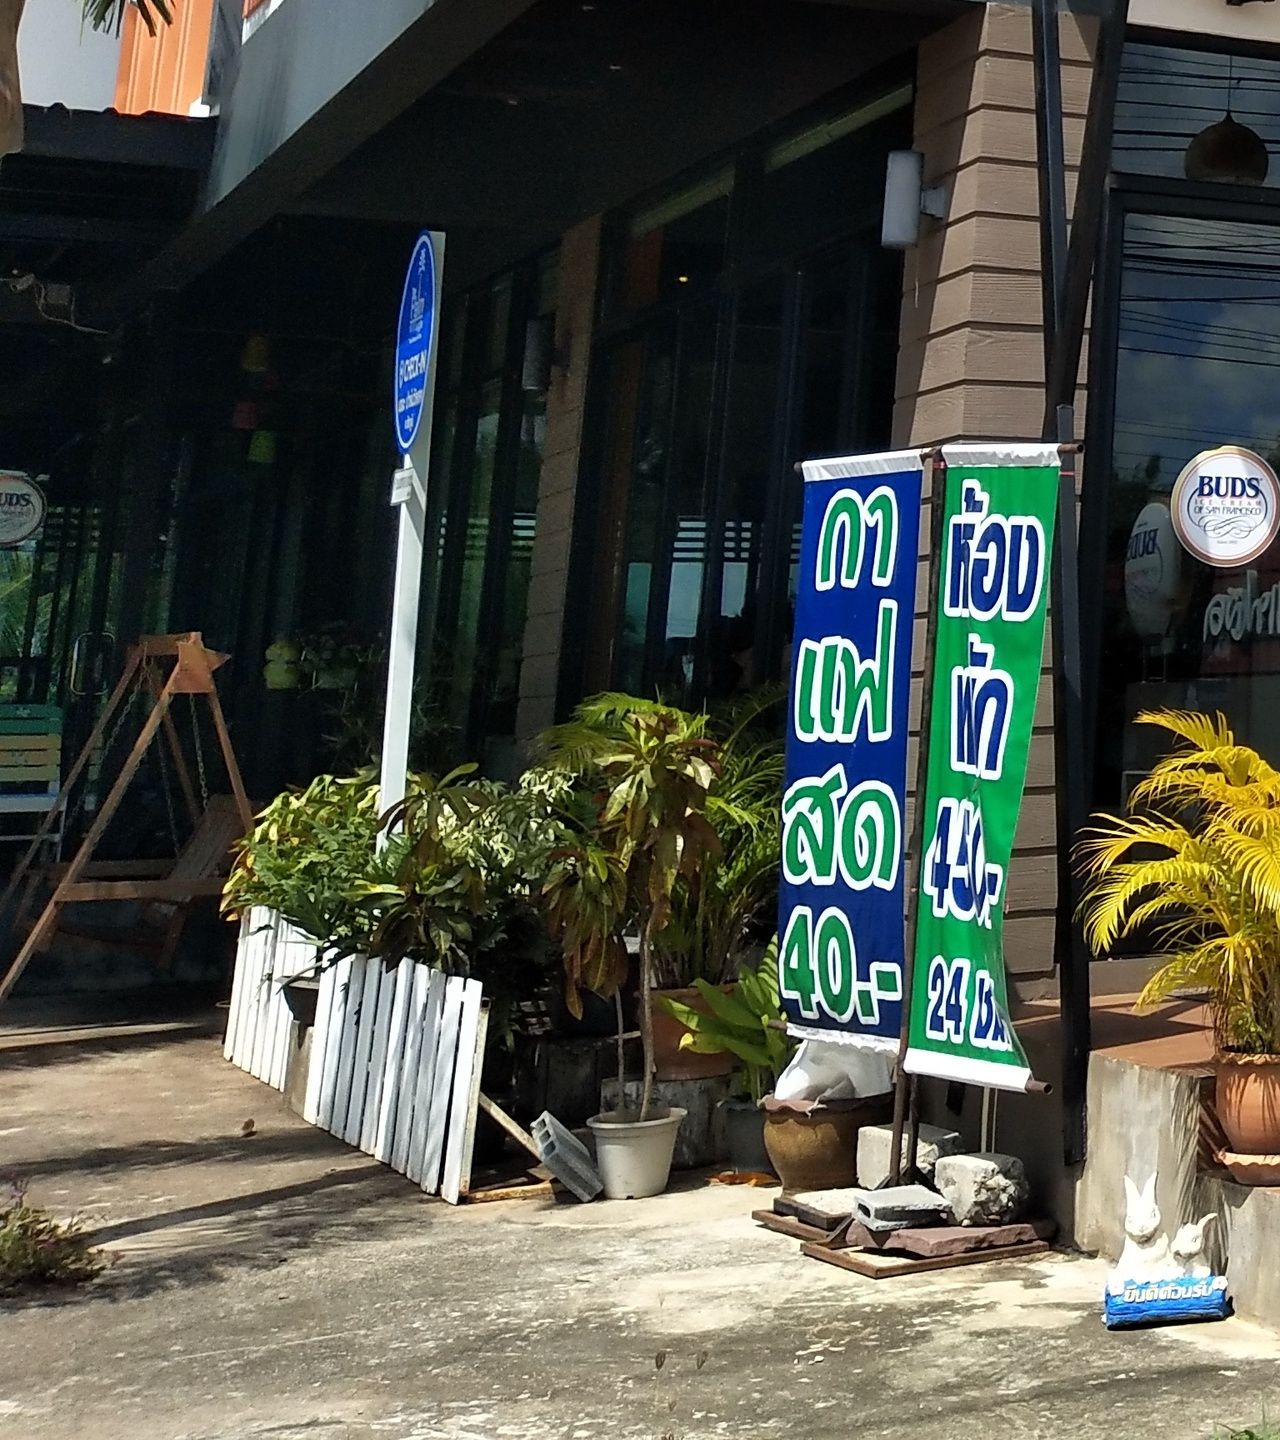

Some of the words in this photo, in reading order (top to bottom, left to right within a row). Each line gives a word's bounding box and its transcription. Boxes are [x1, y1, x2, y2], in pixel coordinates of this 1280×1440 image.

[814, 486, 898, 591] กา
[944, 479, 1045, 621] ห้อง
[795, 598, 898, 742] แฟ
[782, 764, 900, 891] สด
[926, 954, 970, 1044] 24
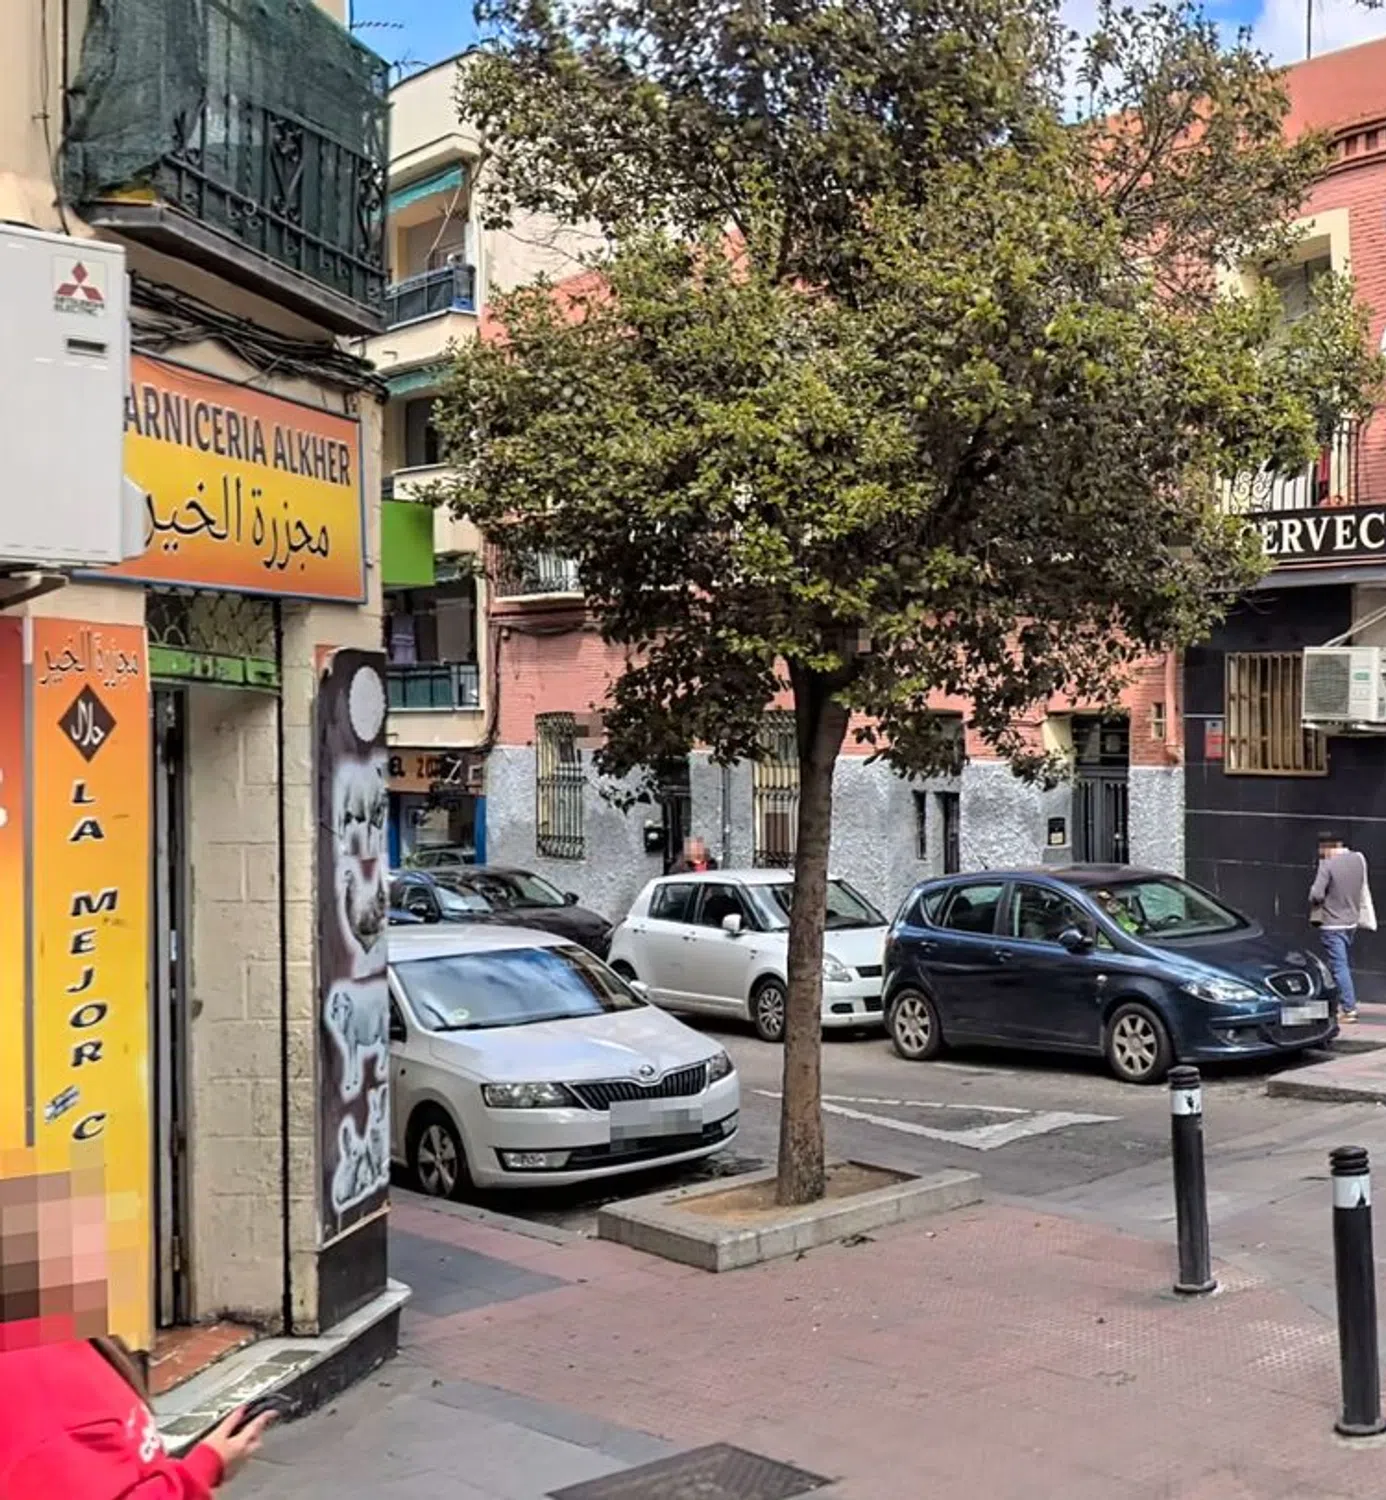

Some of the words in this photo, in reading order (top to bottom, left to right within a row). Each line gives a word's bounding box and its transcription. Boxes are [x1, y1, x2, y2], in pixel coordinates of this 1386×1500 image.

...

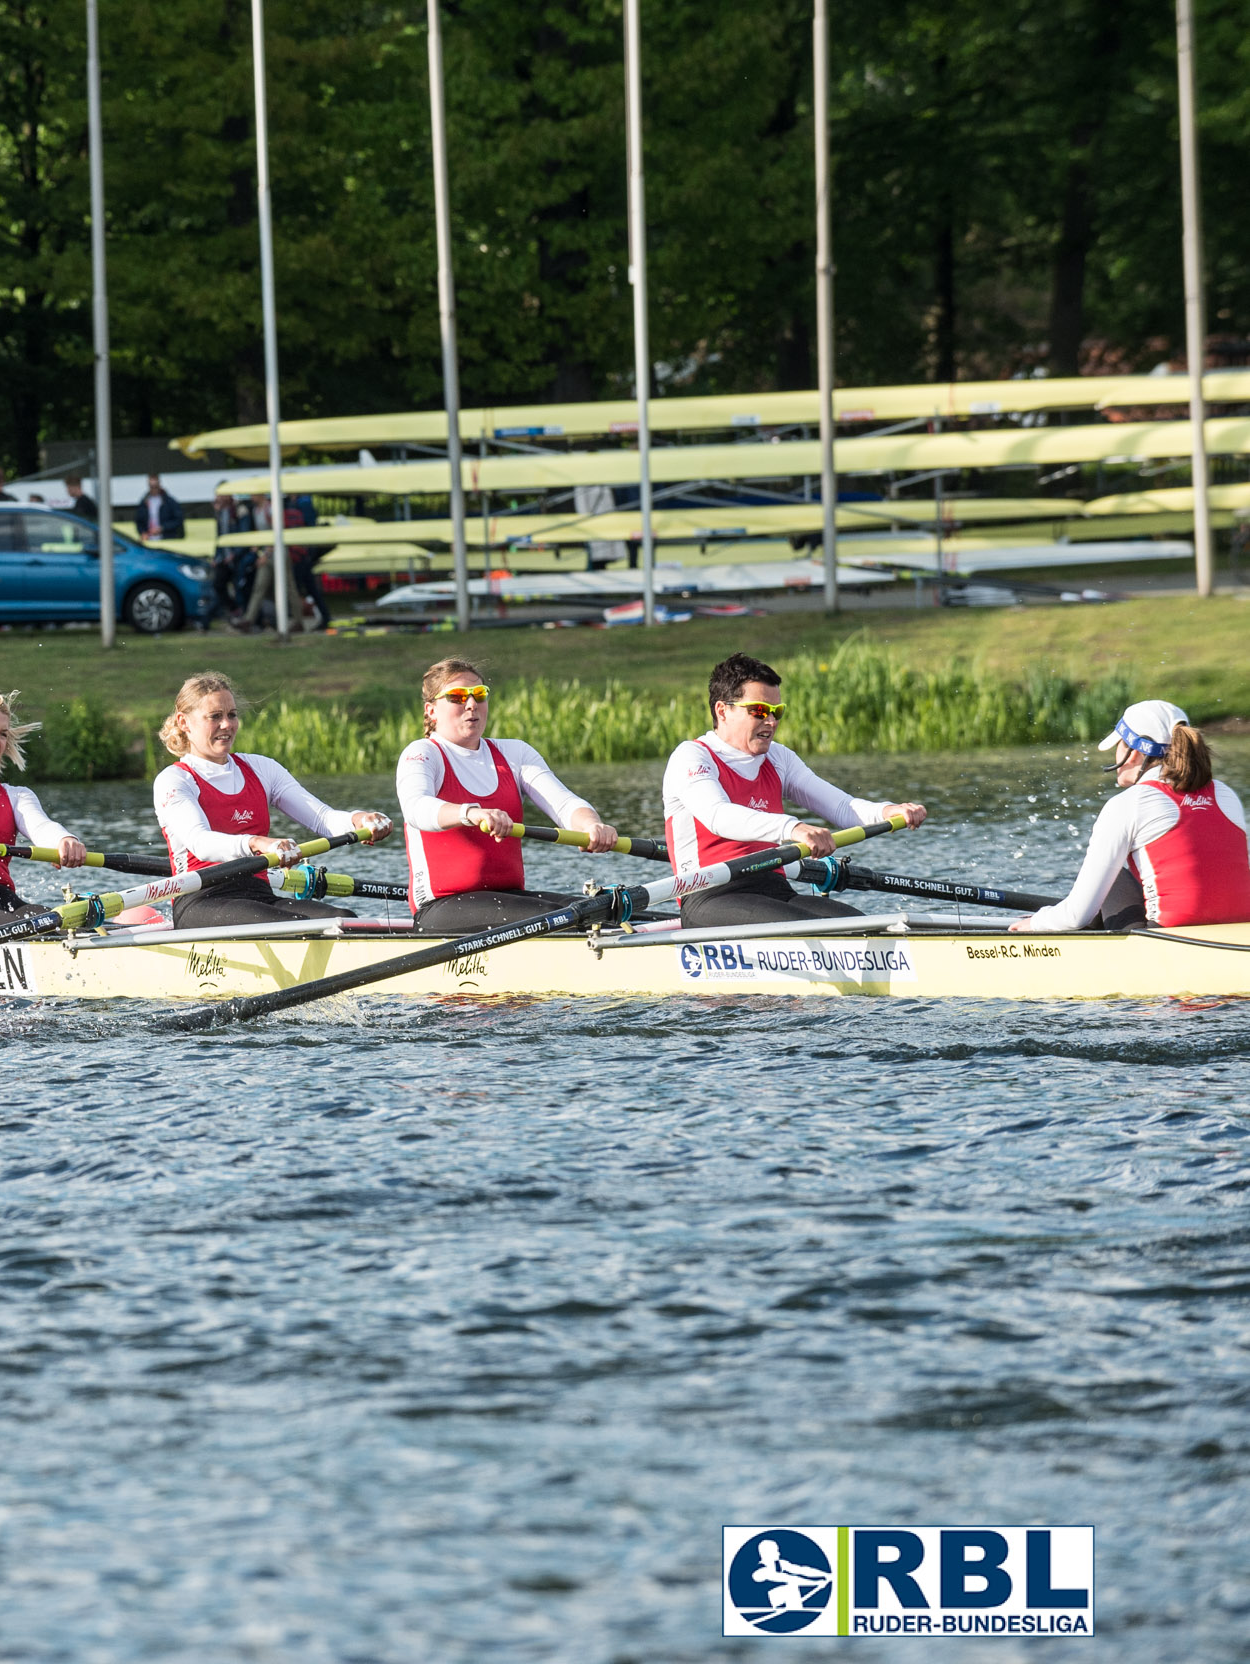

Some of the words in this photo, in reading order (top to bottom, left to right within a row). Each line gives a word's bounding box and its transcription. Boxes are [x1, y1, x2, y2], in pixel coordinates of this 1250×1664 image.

**Work required:** Pictures in the entries do not go into the copy. Print only the lines starting at the one containing "this 1280×1440 image." and ending at the one containing "this 1386×1500 image.", exactly as they appear.

**Task response:**
Some of the words in this photo, in reading order (top to bottom, left to right within a row). Each line gives a word's bounding box and its transcription. Boxes are [x1, y1, x2, y2], in pixel coordinates of this 1280×1440 image.

[814, 486, 898, 591] กา
[944, 479, 1045, 621] ห้อง
[795, 598, 898, 742] แฟ
[782, 764, 900, 891] สด
[926, 954, 970, 1044] 24

Some of the words in this photo, in reading order (top to bottom, left to right within a row). Each line gives a word's bounding box and its transcription. Boxes are [x1, y1, x2, y2], in pixel coordinates of this 1386×1500 image.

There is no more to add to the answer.